Exercise objective: Please set down the data word for word; images do not go in the copy.

Information supplied:
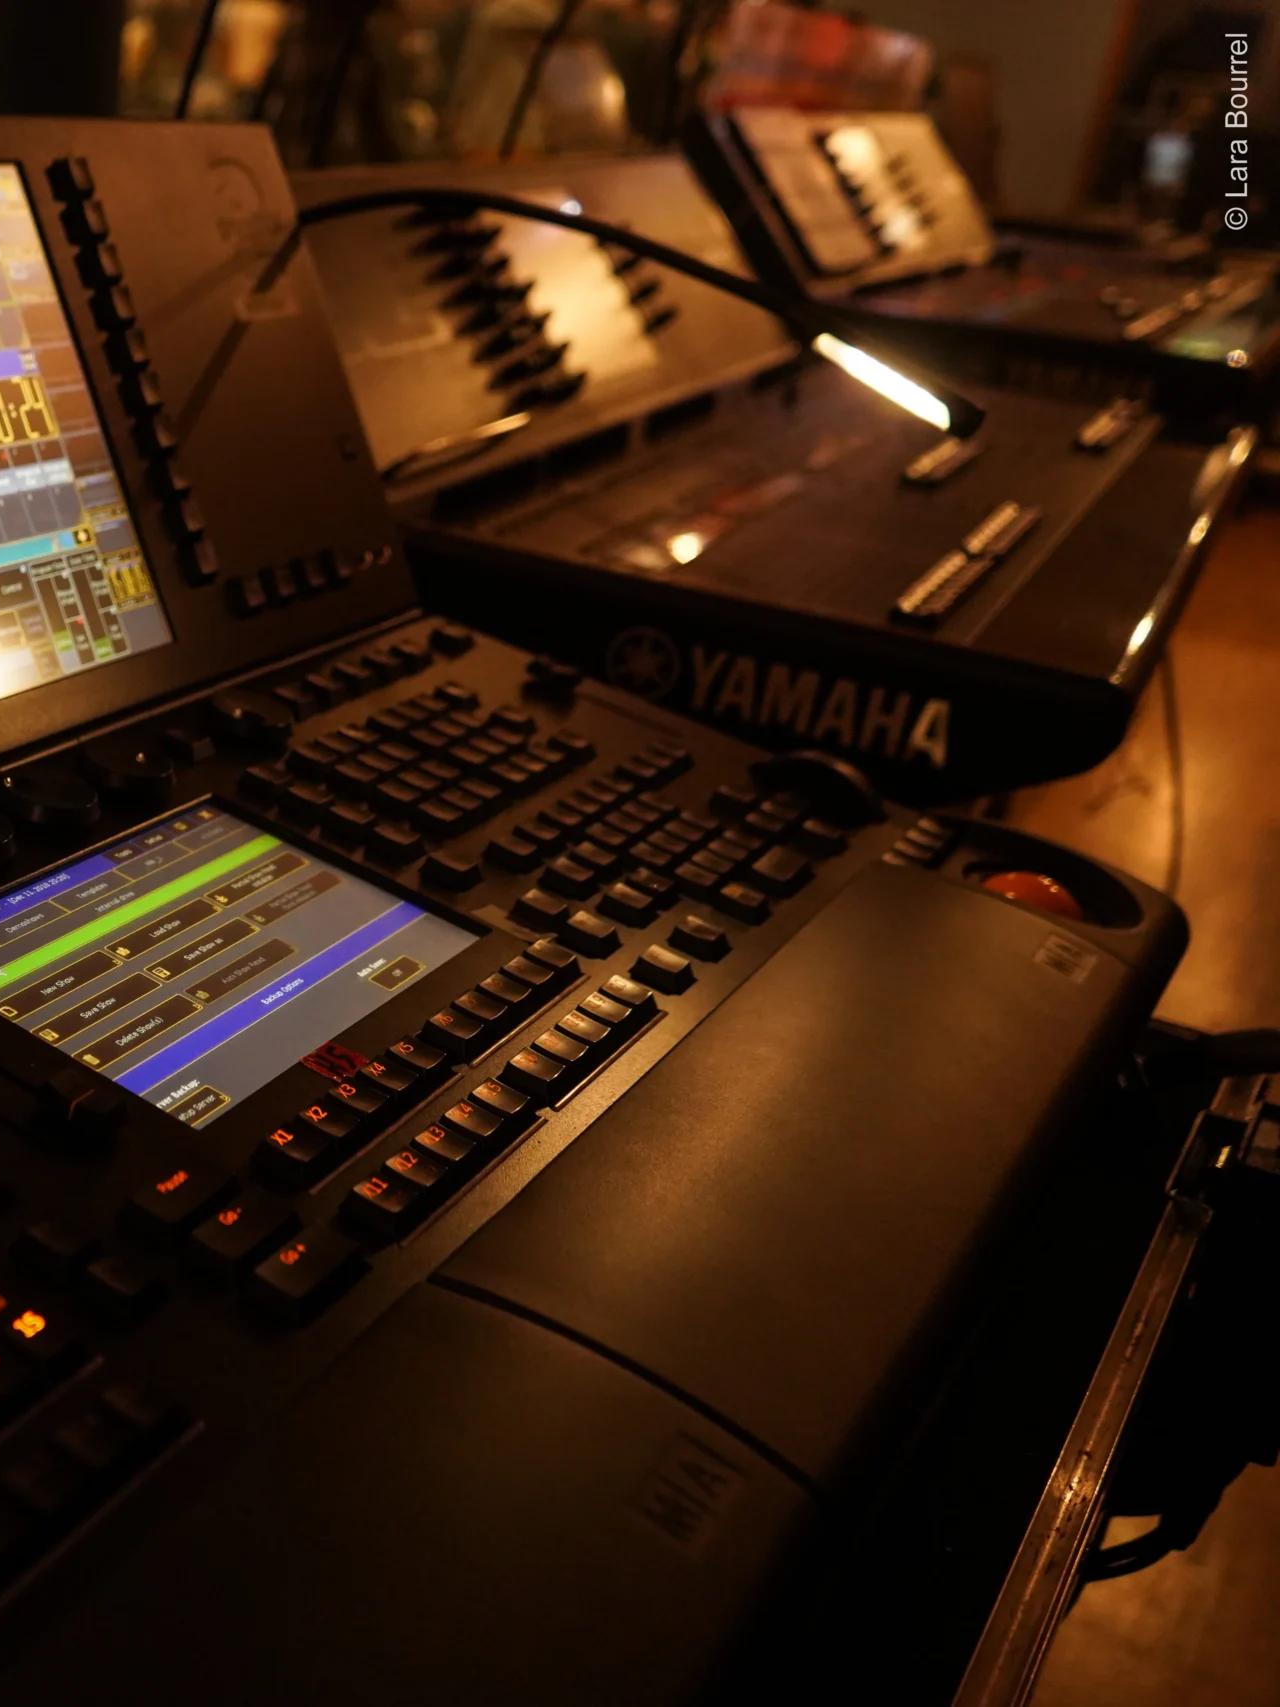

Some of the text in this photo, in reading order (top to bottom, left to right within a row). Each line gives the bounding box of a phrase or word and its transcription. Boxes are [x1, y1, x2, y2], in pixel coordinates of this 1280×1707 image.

[692, 645, 951, 770] YAMAHA
[76, 882, 108, 899] Templates
[5, 913, 45, 934] Demoshows
[184, 948, 201, 961] Save
[198, 940, 216, 954] Show
[40, 975, 75, 996] New Show
[260, 977, 304, 1005] Backup Options
[80, 996, 117, 1019] Save Show
[115, 1016, 164, 1046] Delete Show(s)
[398, 1042, 414, 1056] X5
[369, 1061, 387, 1077] X4
[337, 1083, 356, 1098] X3
[306, 1105, 328, 1122] X2
[270, 1129, 293, 1146] X1
[423, 1125, 446, 1146] X13
[395, 1151, 418, 1172] X12
[362, 1176, 389, 1199] X11
[12, 1310, 46, 1339] 15
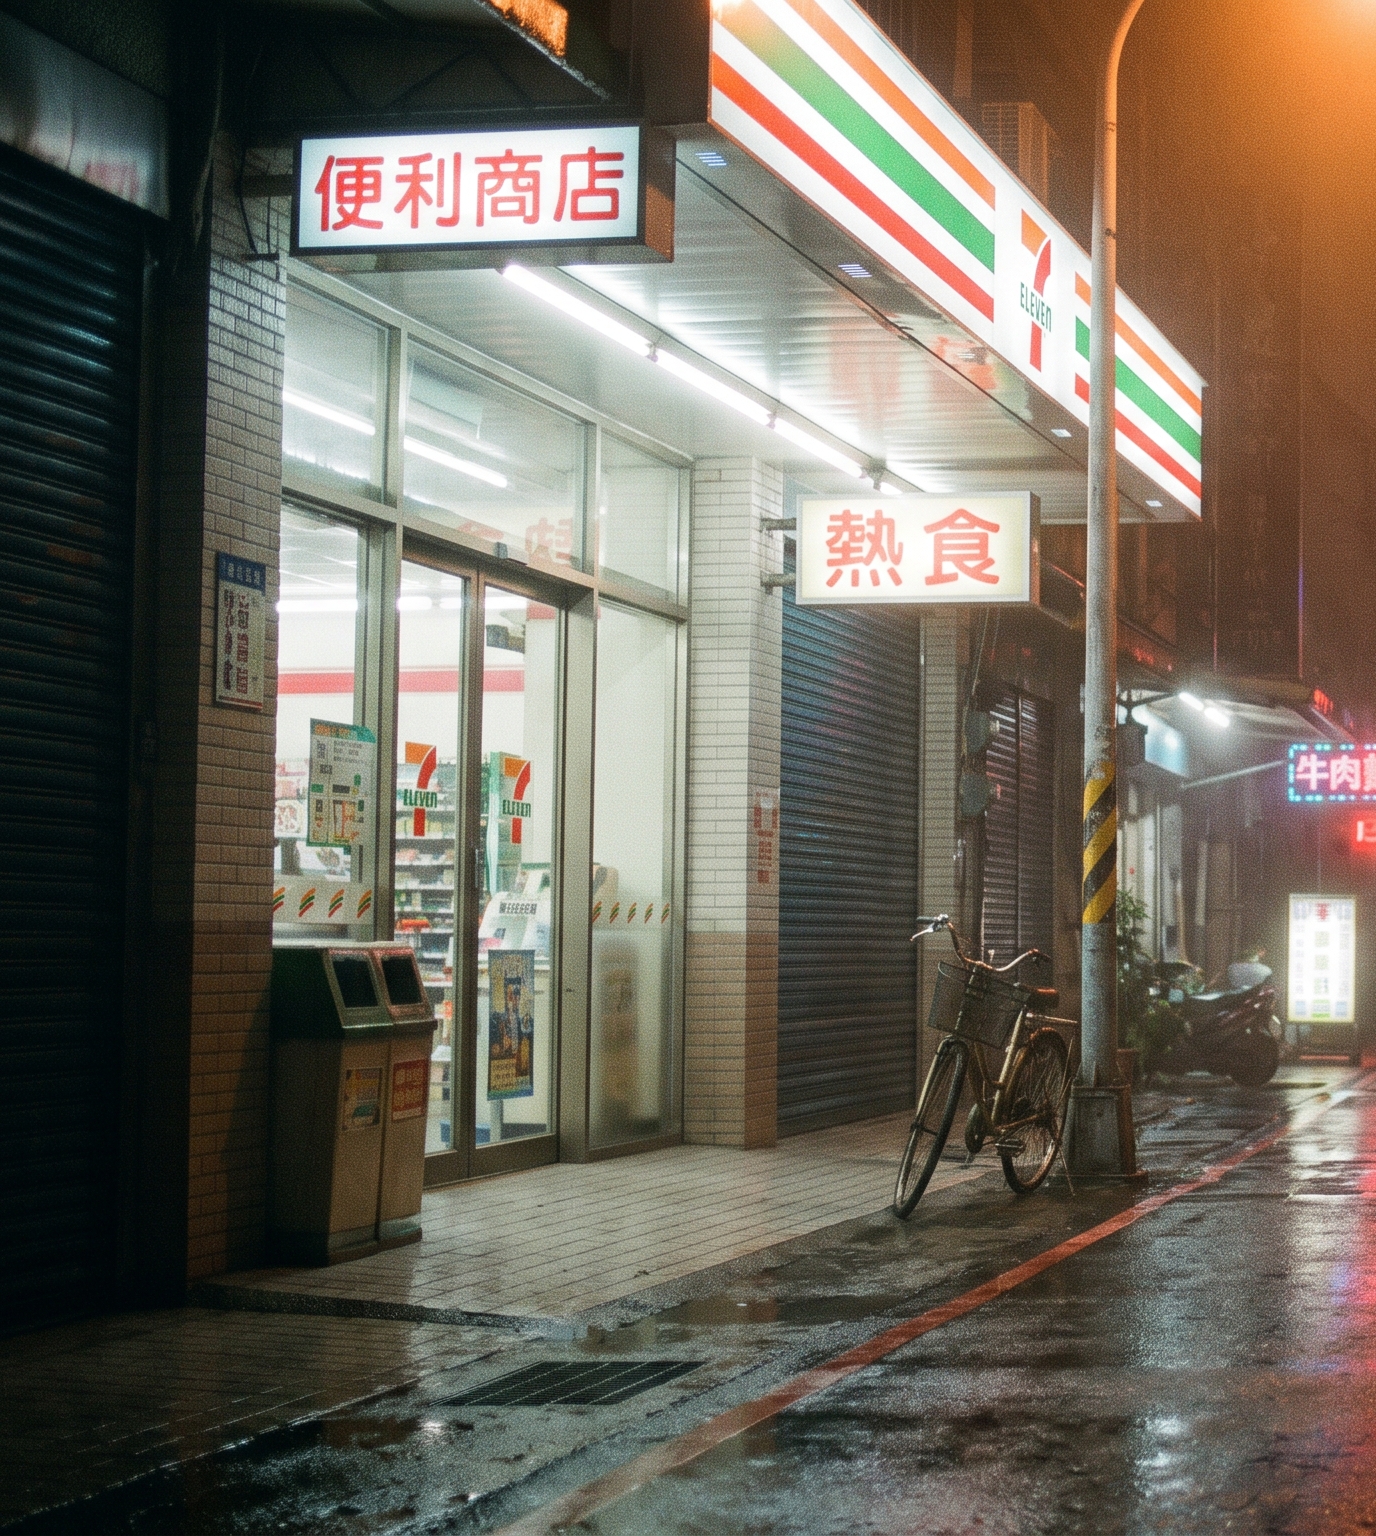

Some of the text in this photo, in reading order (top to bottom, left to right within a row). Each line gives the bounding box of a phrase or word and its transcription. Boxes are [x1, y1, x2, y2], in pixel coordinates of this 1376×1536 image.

[314, 145, 626, 232] 便利商店
[825, 508, 1001, 588] 熱食

Response area:
Some of the text in this photo, in reading order (top to bottom, left to right within a row). Each line gives the bounding box of a phrase or word and its transcription. Boxes are [x1, y1, x2, y2], in pixel coordinates of this 1280×1707 image.

[692, 645, 951, 770] YAMAHA
[76, 882, 108, 899] Templates
[5, 913, 45, 934] Demoshows
[184, 948, 201, 961] Save
[198, 940, 216, 954] Show
[40, 975, 75, 996] New Show
[260, 977, 304, 1005] Backup Options
[80, 996, 117, 1019] Save Show
[115, 1016, 164, 1046] Delete Show(s)
[398, 1042, 414, 1056] X5
[369, 1061, 387, 1077] X4
[337, 1083, 356, 1098] X3
[306, 1105, 328, 1122] X2
[270, 1129, 293, 1146] X1
[423, 1125, 446, 1146] X13
[395, 1151, 418, 1172] X12
[362, 1176, 389, 1199] X11
[12, 1310, 46, 1339] 15

Some of the text in this photo, in reading order (top to bottom, left to right within a row). Each line gives the bounding box of a phrase or word and its transcription. Boxes are [x1, y1, x2, y2], in pixel coordinates of this 1376×1536 image.

[314, 145, 626, 232] 便利商店
[825, 508, 1001, 588] 熱食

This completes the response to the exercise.